Task goal —
Output every record word for word, minus the pictures.

Information —

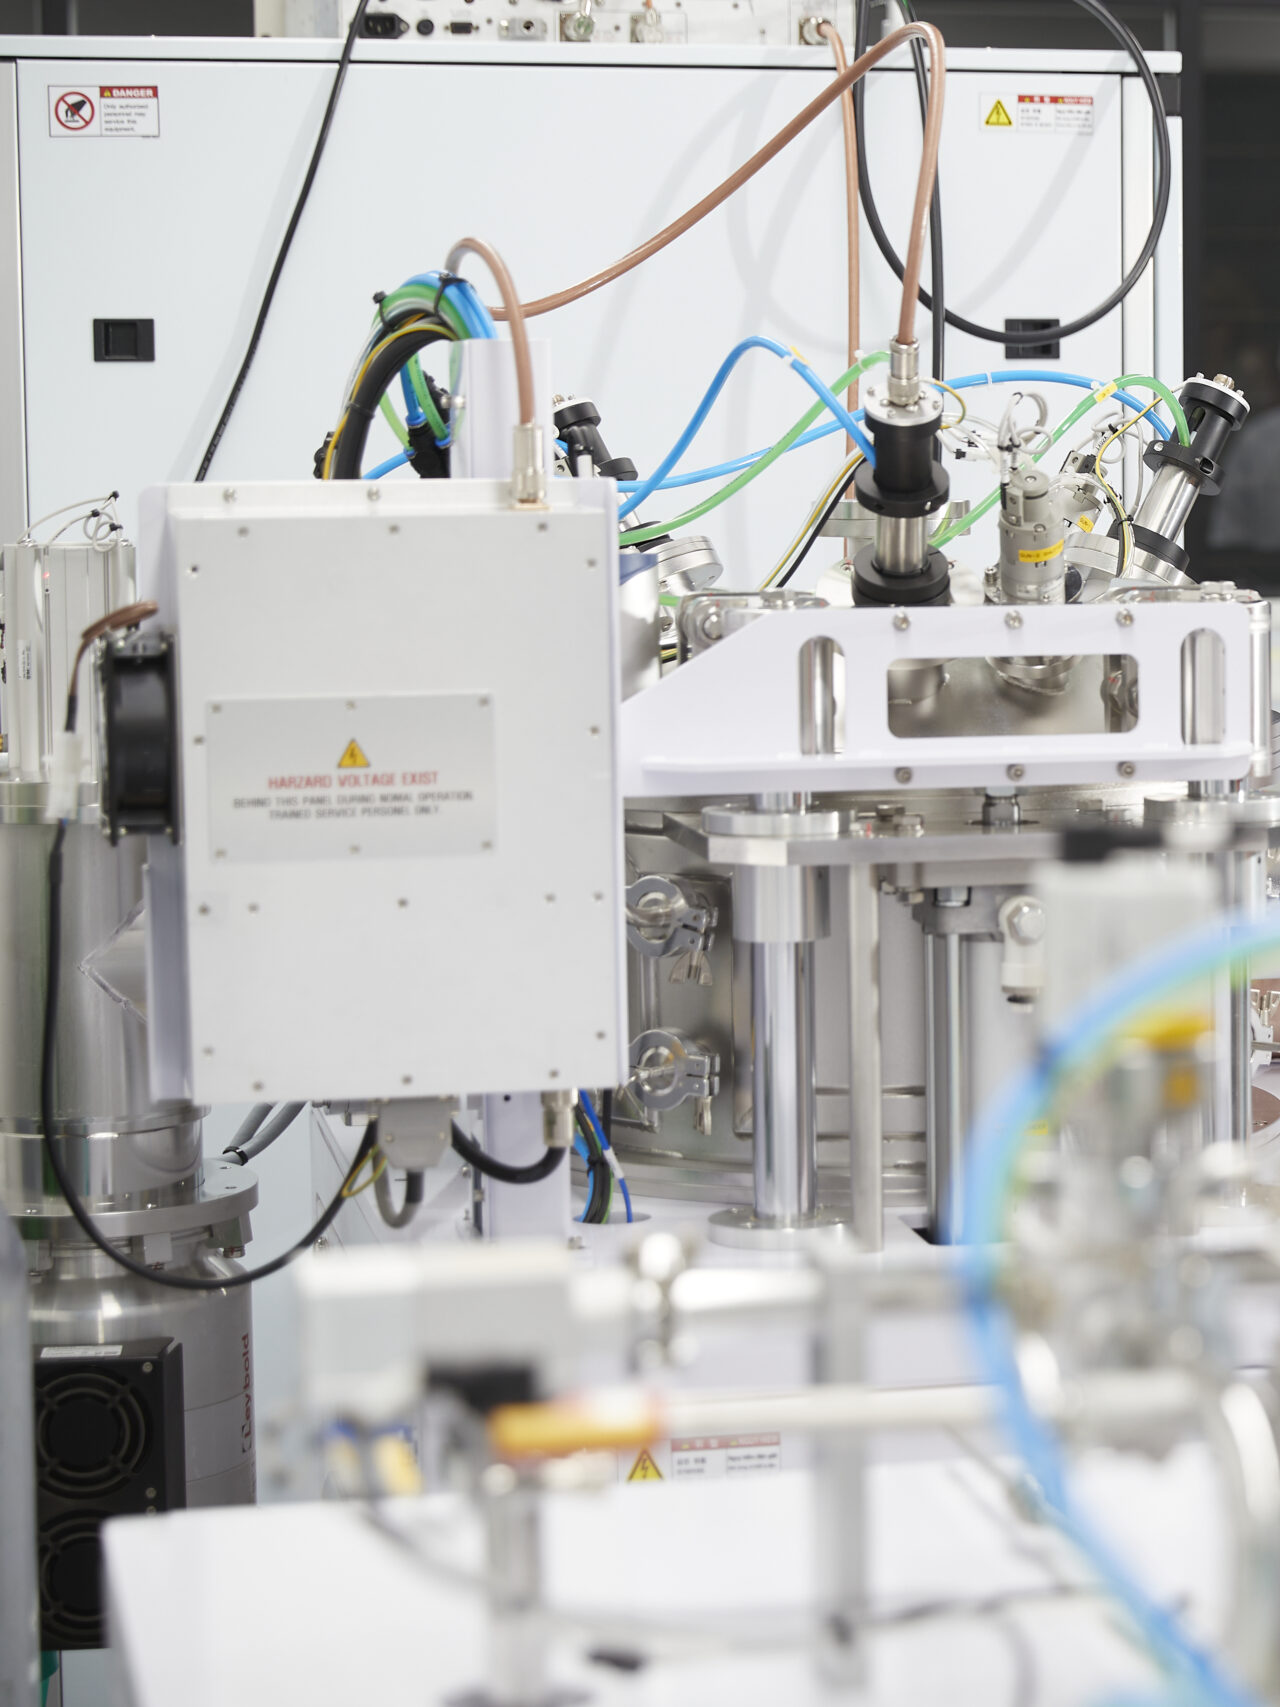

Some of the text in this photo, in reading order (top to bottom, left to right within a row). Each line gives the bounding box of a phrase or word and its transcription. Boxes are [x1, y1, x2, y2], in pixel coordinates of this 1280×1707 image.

[112, 88, 153, 97] DANGER
[268, 771, 438, 789] HARZARD VOLTAGE EXIST
[276, 796, 298, 806] THIS
[418, 791, 473, 801] OPERATION
[316, 808, 356, 818] SERVICE

Output for this exercise —
Some of the text in this photo, in reading order (top to bottom, left to right within a row). Each line gives the bounding box of a phrase or word and its transcription. Boxes are [x1, y1, x2, y2], in pixel coordinates of this 1280×1707 image.

[112, 88, 153, 97] DANGER
[268, 771, 438, 789] HARZARD VOLTAGE EXIST
[276, 796, 298, 806] THIS
[418, 791, 473, 801] OPERATION
[316, 808, 356, 818] SERVICE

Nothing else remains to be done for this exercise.